Paulo Coelho
Duas histórias da tradição Zen
Um mestre zen descansava com seu discípulo. A certa altura, tirou um melão do seu alforje, dividiu-o em dois, e ambos começaram a comê-lo
Da Redação | 20 de maio de 2017 - 02:55
O
gosto e a língua
Um mestre zen descansava com seu discípulo. A certa altura, tirou um melão do seu alforje, dividiu-o em dois, e ambos começaram a comê-lo.
No meio da refeição, o discípulo comentou:
- Meu sábio mestre, sei que tudo que o senhor faz tem um sentido. Dividir este melão comigo talvez seja um sinal de que tem algo a me ensinar.
O mestre continuou a comer em silêncio.
- Pelo seu silêncio, entendo a pergunta oculta – insistiu o discípulo.
– E deve ser a seguinte: o gosto que estou experimentando ao comer esta deliciosa fruta está em que lugar: no melão ou na minha língua?
O mestre não disse nada.

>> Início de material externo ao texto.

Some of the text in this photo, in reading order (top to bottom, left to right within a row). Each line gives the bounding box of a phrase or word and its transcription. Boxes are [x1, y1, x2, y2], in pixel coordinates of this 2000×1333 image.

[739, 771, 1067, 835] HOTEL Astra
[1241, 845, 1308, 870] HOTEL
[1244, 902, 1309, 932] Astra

O discípulo, entusiasmado, prosseguiu:
- E como tudo na vida tem um sentido, eu penso que estou perto da resposta a esta pergunta: o gosto é um ato de amor e interdependência entre os dois, porque sem o melão não haveria um objeto de prazer, e sem a língua...

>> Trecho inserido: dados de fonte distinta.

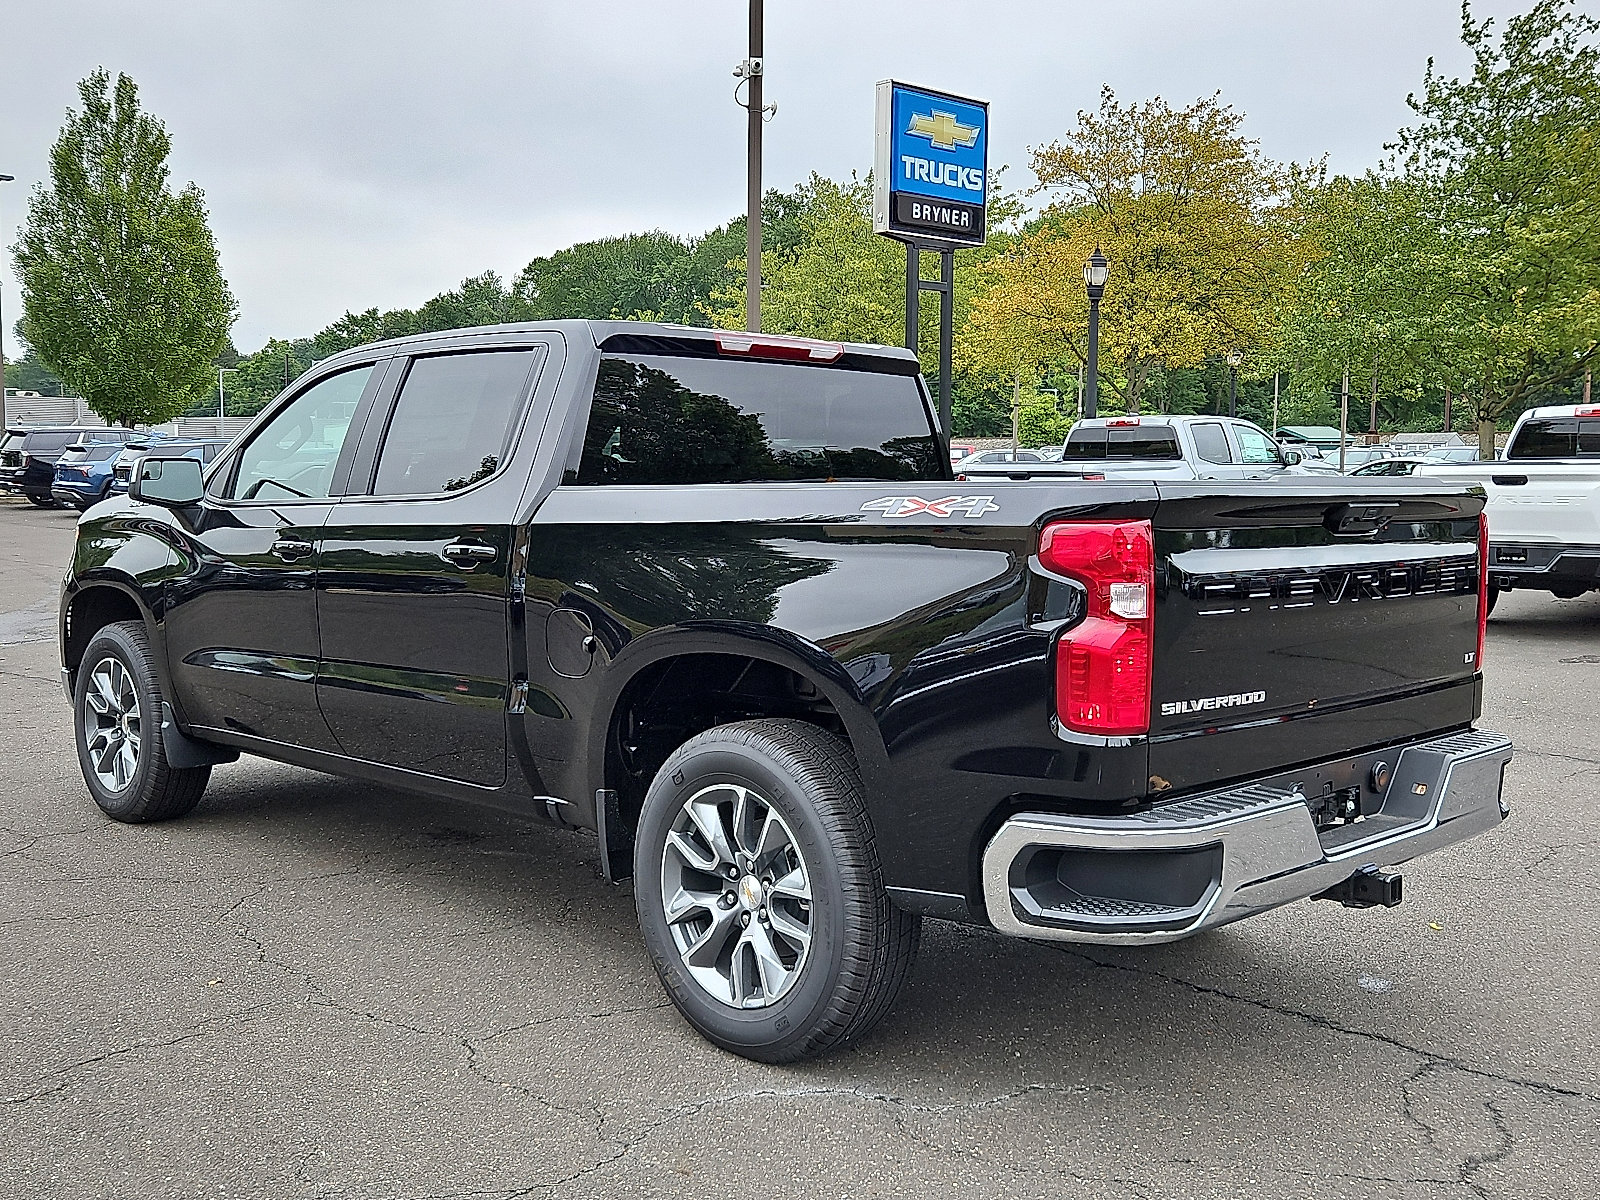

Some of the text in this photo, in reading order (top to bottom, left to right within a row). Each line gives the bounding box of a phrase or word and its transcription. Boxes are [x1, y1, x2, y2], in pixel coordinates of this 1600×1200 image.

- Basta! – disse o mestre. – Os mais tolos são aqueles que se julgam os mais inteligentes, e buscam uma interpretação para tudo! O melão é gostoso, isto é suficiente, e deixe-me comê-lo em paz!
Ryokan e o ladrão
Ryokan era incapaz de fazer acusações. Embora fosse um grande mestre do zen budismo, jamais se julgou melhor que os outros.
Um de seus discípulos pediu que conversasse com o irmão salteador, que aterrorizava a cidade. Ryokan foi até a casa do bandido, e passou a noite inteira com ele.

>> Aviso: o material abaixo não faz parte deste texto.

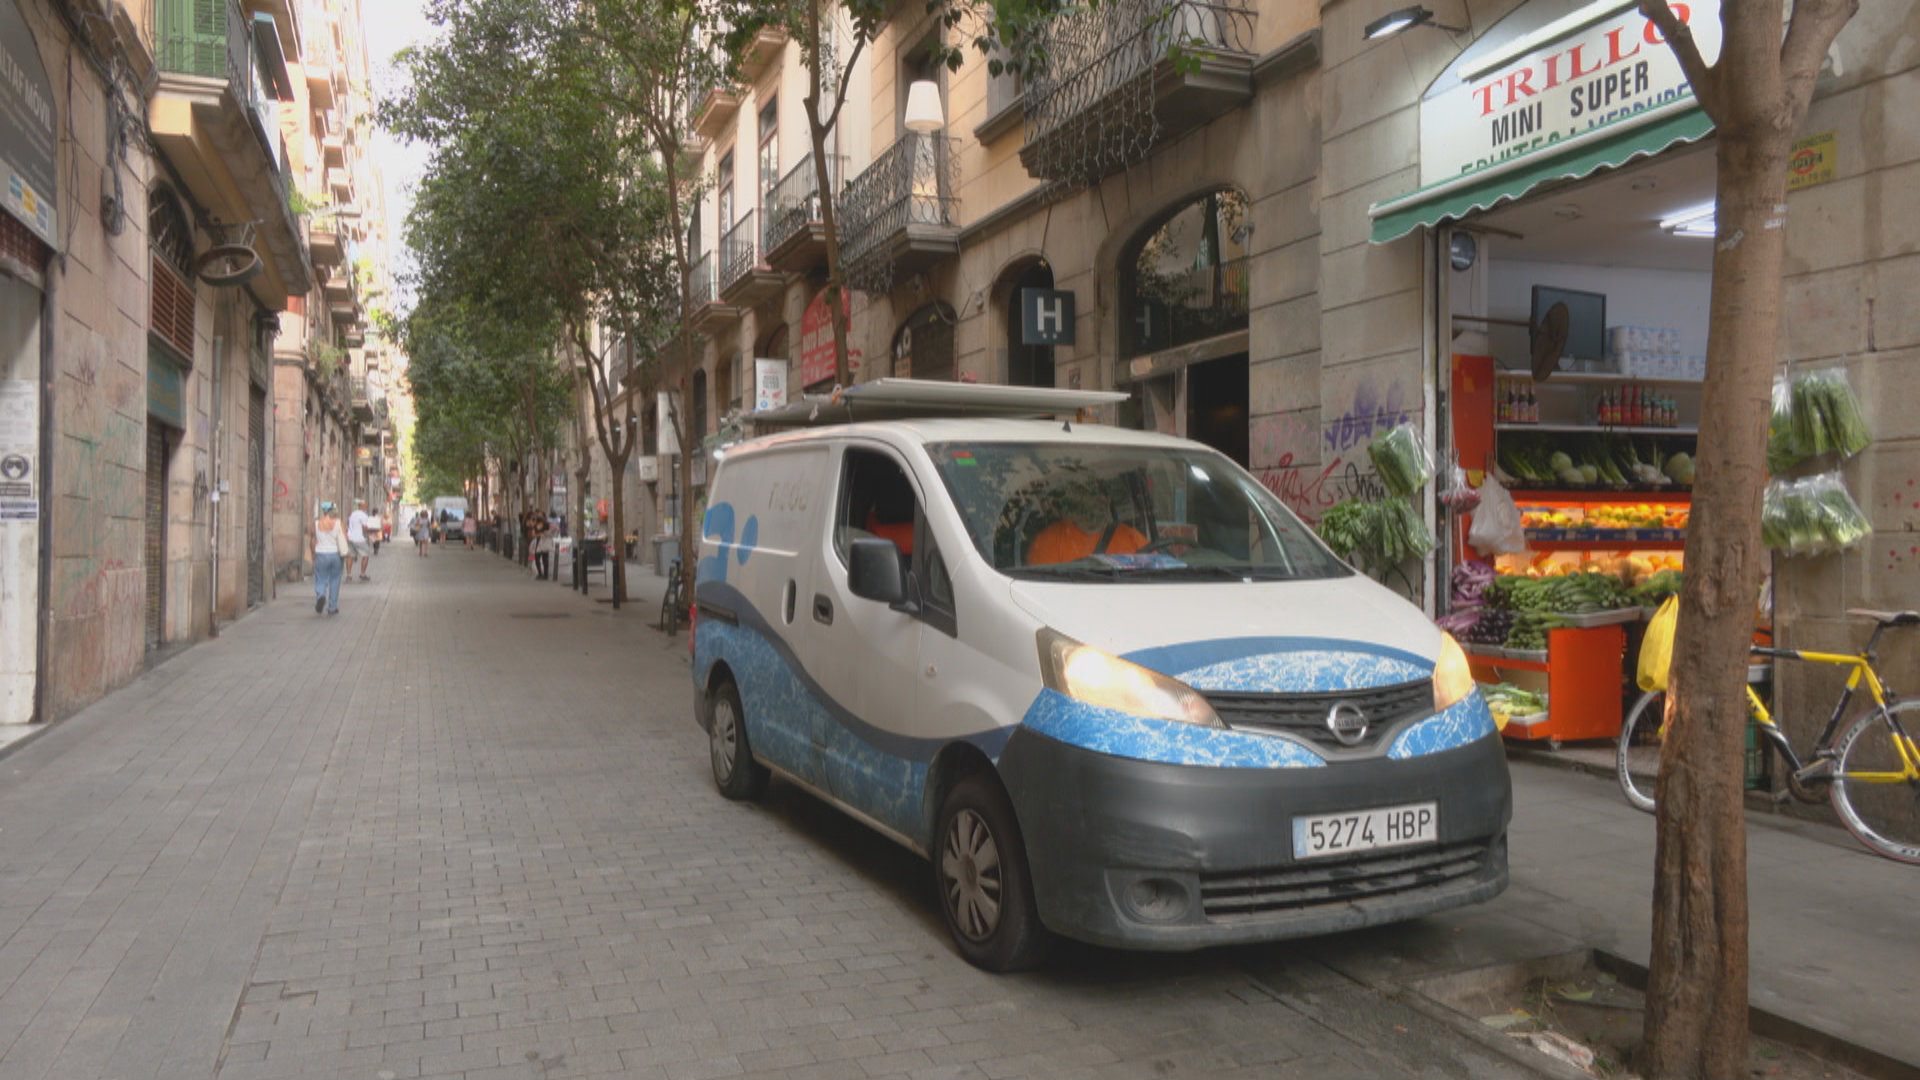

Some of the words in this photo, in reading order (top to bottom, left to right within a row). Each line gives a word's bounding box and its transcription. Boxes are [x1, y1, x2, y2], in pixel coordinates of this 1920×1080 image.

Não trocaram uma só palavra.
De manhã, o salteador ajudou Ryokan a atar suas sandálias. Ao fazer isto, as lágrimas do homem começaram a lavar seus pés.
- Nunca tive a companhia de um sábio - disse, entre soluços. – Só de outros salteadores como eu, ou de policiais interessados em me condenar. Se Ryokan passou uma noite comigo, é porque ainda valho alguma coisa.
E a partir deste dia, este homem nunca mais cometeu um crime.
El Grego e a luz
Numa agradável tarde de primavera, um amigo foi visitar o pintor El Greco. Para sua surpresa, encontrou-o em seu atelier, com todas as cortinas fechadas.
Greco trabalhava num quadro que tinha como tema central a Virgem Maria, usando apenas uma vela para iluminar o ambiente. Surpreso, o amigo comentou:
- Sempre ouvi dizer que os pintores gostam do sol para escolher direito as cores que vão usar. Por que você não abre as cortinas?
- Agora não – respondeu El Greco. – Perturbaria o fogo brilhante da inspiração que está incendiando minha alma, e enchendo de luz tudo a minha volta.